Project Description
The Steam Deck is a portable gaming handheld built around platform technology similar to the one found in AMD mobile laptops. Vendor Valve ships a custom Linux distribution with downstream patches on this device, but booting into other distributions is possible. Connecting the Steam Deck to a dock can turn it into a compact workstation.
While a lot of patches have been upstreamed or rewritten for upstream, some upstream-only issues persist. Archlinux users work around this by just using Valve's downstream versions which is not the route I would like to take.
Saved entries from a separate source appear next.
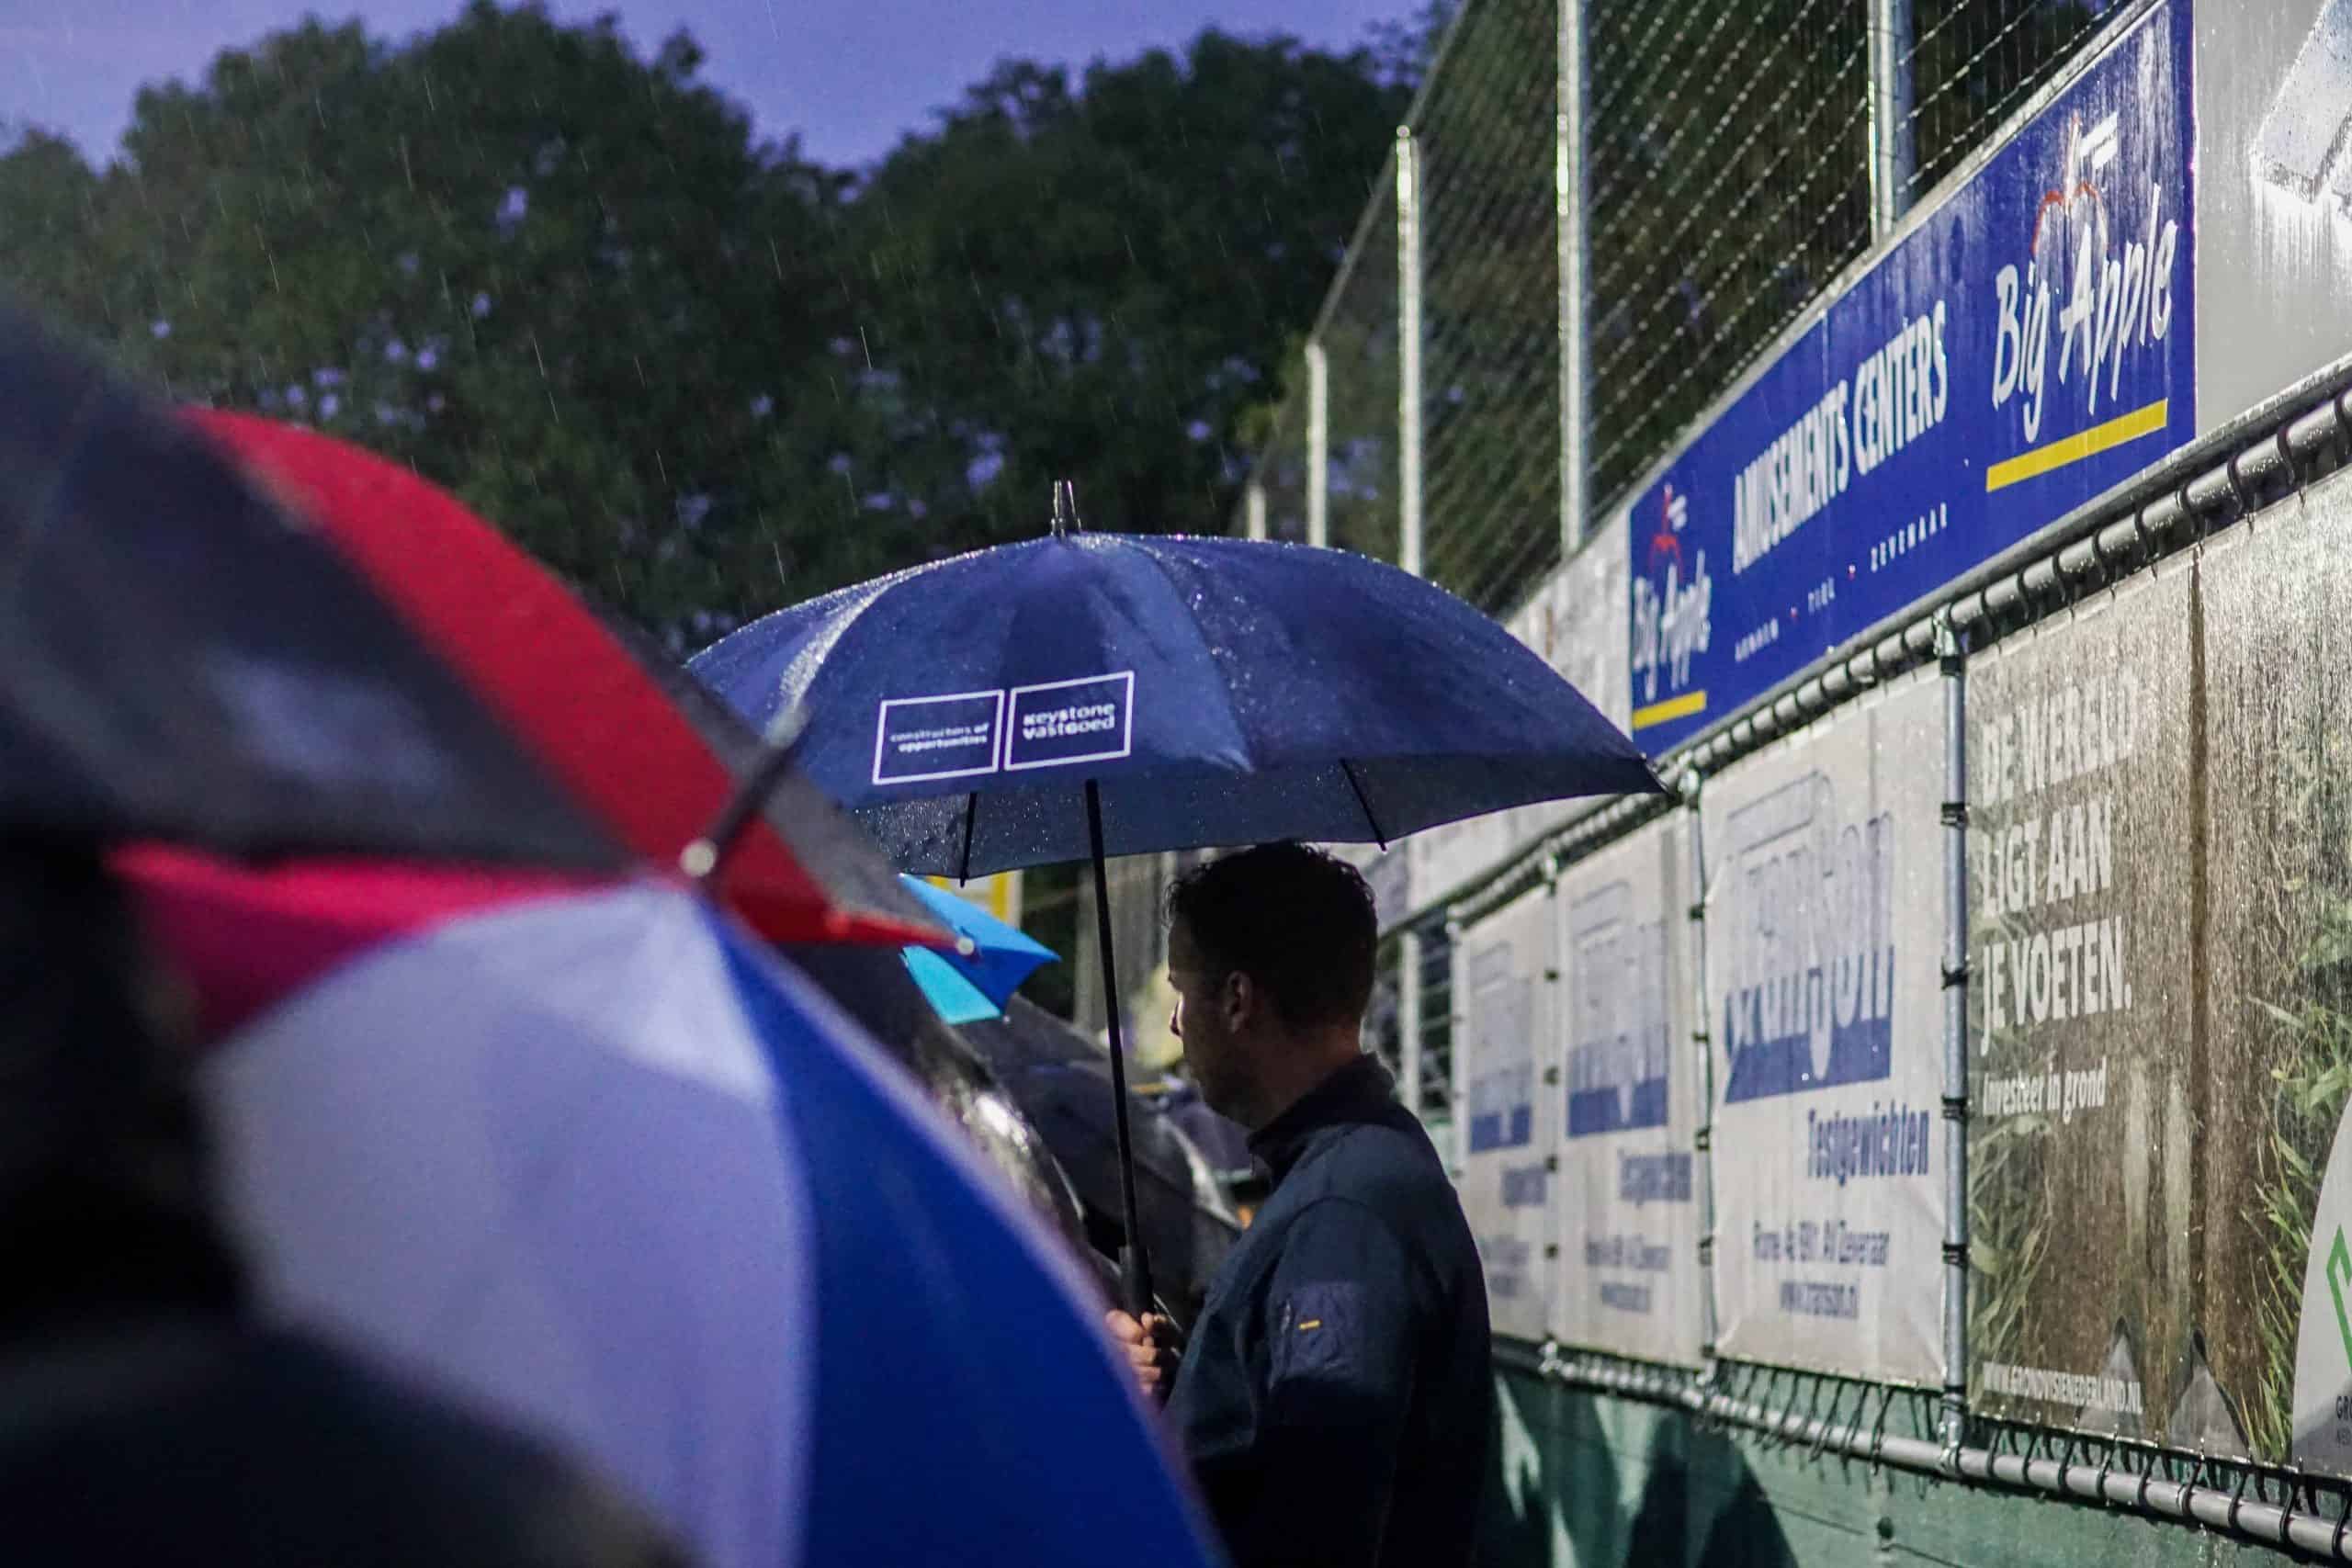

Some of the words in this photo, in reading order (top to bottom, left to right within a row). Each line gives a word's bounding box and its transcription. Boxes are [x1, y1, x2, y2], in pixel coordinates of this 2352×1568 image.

[1992, 260, 2051, 445] Big
[2058, 183, 2178, 416] Apple
[1733, 378, 1849, 575] AMUSEMENTS
[1853, 299, 1948, 477] CENTERS
[1634, 576, 1660, 702] Big
[1659, 548, 1712, 690] Apple
[1982, 825, 2037, 917] LIGT
[2046, 795, 2112, 905] AAN
[1980, 943, 2007, 1056] JE
[2010, 917, 2132, 1025] VOETEN.
[1983, 1069, 2045, 1117] Investeer
[2047, 1061, 2061, 1111] in
[2063, 1055, 2107, 1124] grond
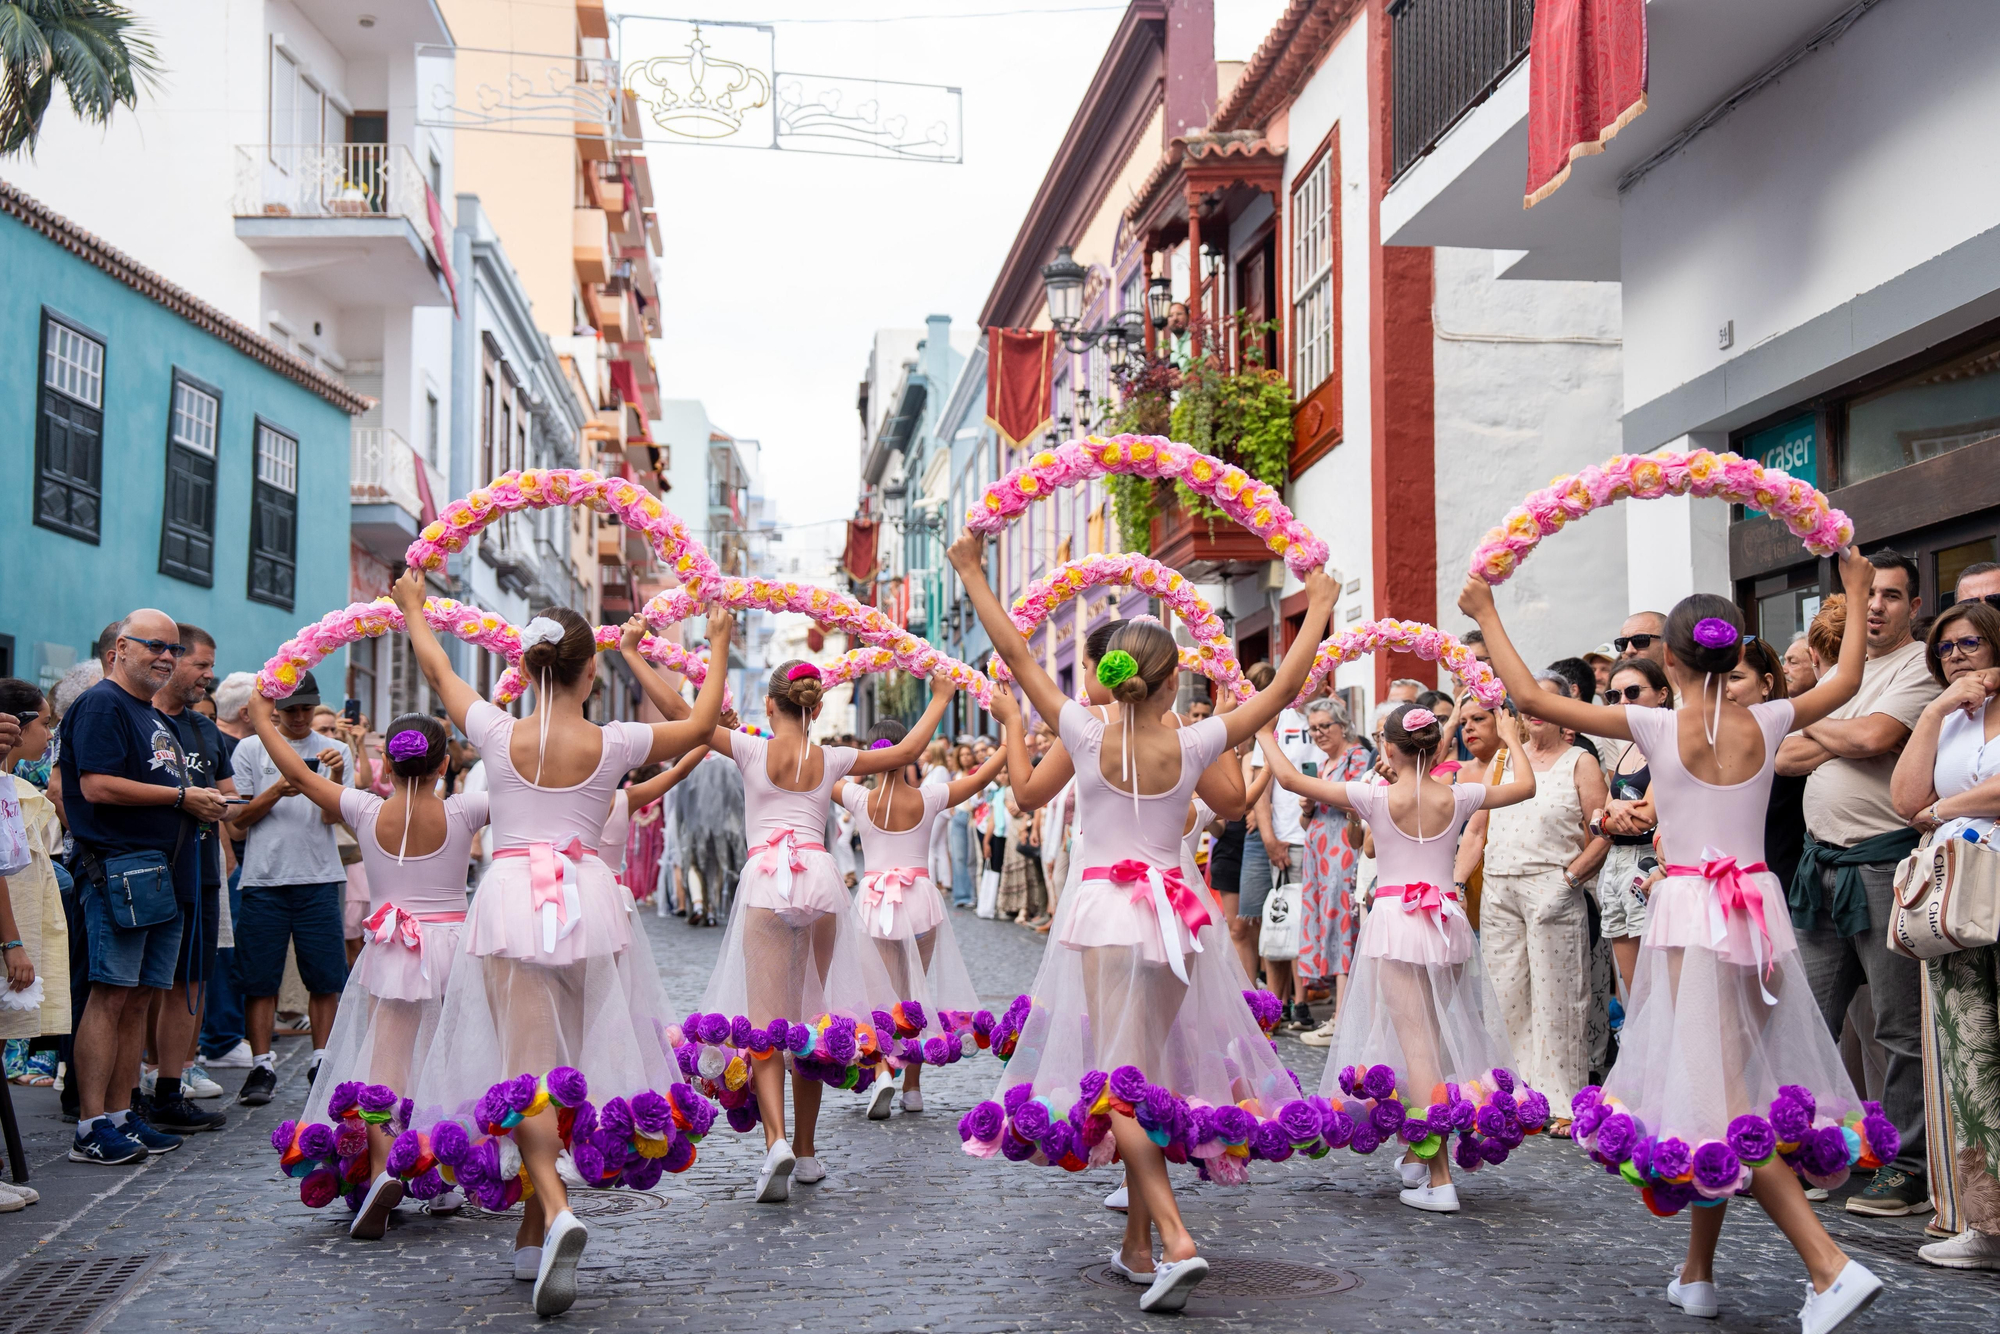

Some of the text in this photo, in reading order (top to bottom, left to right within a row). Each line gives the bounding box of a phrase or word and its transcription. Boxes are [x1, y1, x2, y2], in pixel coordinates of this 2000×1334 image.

[1766, 434, 1812, 471] caser
[1934, 854, 1946, 893] Chloé
[1929, 902, 1943, 940] Chloé
I already had a chance to explore these issues last year and got a lot of help from cool developers such as tiwai. But I did not get as far as I would have liked. I want to revisit these issues and learn more about kernel work. As a kernel newbie I am looking forward to learning more.
I appreciate help, pointers, tips and tricks from experienced maintainers. Kernel newbies such as myself are also very welcome to join, too. Some open issues already contain commands that you can use to collect information and help you learn, so make sure to take a look at the existing Bugzilla reports.
Goal for this Hackweek
- retest known issues with the latest Tumbleweed snapshot
- figure out how to collect useful information and research around drivers
- revive these open issues and hopefully come closer to finding a solution
- learn a bunch about the kernel, drivers and debugging (probably mostly ALSA ASoC, DRM, x86_64 ACPI)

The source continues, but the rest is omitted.